US. View on Current French Position
The Secretary, replying to the various questions raised, said that there was no categorical answer to the question of the attitude of the French but the evidence indicated that with our help the French would remain in Indochina. The present Government in France, he said, was solid on staying in Indochina, although strong elements outside the Government wanted to pull out. Two factors, however, appeared to be working in favor of the present Government’s attitude: First, it was easy to say that the French should get out but it was a difficult thing to do and second there was a close connection between a French defeat in Southeast Asia and the attitude of the people of North Africa toward France. The Secretary [Page 191] pointed out that the drain on France in maintaining its position in Southeast Asia prevented the French from taking those steps which it would like to take in contributing to the solution of the European problem. Now, however, the French had some hope in that they could at least say they were building an army in Indochina which would enable them to withdraw French forces in time. The Vietnam Army was the “light at the end of the tunnel”. That had a great effect. Moreover, it was important that on every possible occasion the French be assured that what they were doing in Southeast Asia was in the common interest in the defense against Communist aggression.

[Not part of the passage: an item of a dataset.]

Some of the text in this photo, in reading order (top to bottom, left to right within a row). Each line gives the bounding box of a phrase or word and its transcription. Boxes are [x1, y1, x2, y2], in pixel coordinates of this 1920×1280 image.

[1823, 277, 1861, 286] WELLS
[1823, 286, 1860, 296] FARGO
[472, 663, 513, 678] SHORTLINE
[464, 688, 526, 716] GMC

With respect to the Southeast Asia defense talks, the United States hoped that we would get out of them specific recommendations including a series of plans and a resolution of the difference of views as to whether or not we could stop Communist aggression in that area. Our military advisers believed it was possible to stop China.

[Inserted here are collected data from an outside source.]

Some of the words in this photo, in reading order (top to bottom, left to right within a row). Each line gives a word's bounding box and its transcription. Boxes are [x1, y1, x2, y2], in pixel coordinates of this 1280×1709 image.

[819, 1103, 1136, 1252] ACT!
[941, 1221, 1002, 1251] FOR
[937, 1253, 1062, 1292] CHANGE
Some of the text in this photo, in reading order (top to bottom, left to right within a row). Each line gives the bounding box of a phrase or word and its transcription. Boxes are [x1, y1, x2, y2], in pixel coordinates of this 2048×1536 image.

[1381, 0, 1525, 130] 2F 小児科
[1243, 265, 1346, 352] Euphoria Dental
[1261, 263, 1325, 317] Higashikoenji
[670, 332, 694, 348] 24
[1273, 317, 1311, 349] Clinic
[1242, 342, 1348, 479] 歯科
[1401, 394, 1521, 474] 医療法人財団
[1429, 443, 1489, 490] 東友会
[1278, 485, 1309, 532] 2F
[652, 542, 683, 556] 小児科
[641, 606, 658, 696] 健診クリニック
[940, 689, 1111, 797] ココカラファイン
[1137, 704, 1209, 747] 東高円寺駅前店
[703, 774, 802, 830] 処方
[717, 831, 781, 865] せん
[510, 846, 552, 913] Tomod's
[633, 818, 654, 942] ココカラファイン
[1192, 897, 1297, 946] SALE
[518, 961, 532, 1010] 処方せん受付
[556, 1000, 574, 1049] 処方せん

Analysis of the Military Situation in Southeast Asia
Admiral Radford then analyzed the situation in Southeast Asia. He said that the US, UK and France thought alike regarding the importance of Southeast Asia but that they were not working together politically and this was known. Progress had to be made in our political thinking but that was impossible unless we were together. The political thought of the UK and France was powerfully influenced by the belief of their businessmen that they could hold on by sitting tight and accepting no risks such as those inherent in any series of recommended military actions. The French feared military talks would provoke a full-scale attack on Indochina; the British, an attack on Hong Kong. He felt that such an attitude was wrong. Despite risks to Hong Kong and Indochina, we should all sit down and talk frankly about military possibilities. We should not forget that the Chinese, too, had serious problems. They had large forces on paper but not many trained divisions; they did not have our mobility; and they were vulnerable logistically. It was easier for us to make a move than for the Chinese. He did not believe that the Russians wanted a global war. Although they could make the greatest advance in the shortest time in Asia, we could stop them if we made up our minds to do so. Even the defensive posture in Formosa, where we are engaged in creating increased strength, would make the Chinese Communists think before attacking Hong Kong or Indochina. So far as Indochina was concerned it could be held but not by landing troops there. If we were to take the course of action necessary to prevent the Chinese from overrunning Indochina we would have to do all sorts of things which might bring [Page 192] about an attack on Hong Kong. The Chinese could not throw the French out of Indochina easily.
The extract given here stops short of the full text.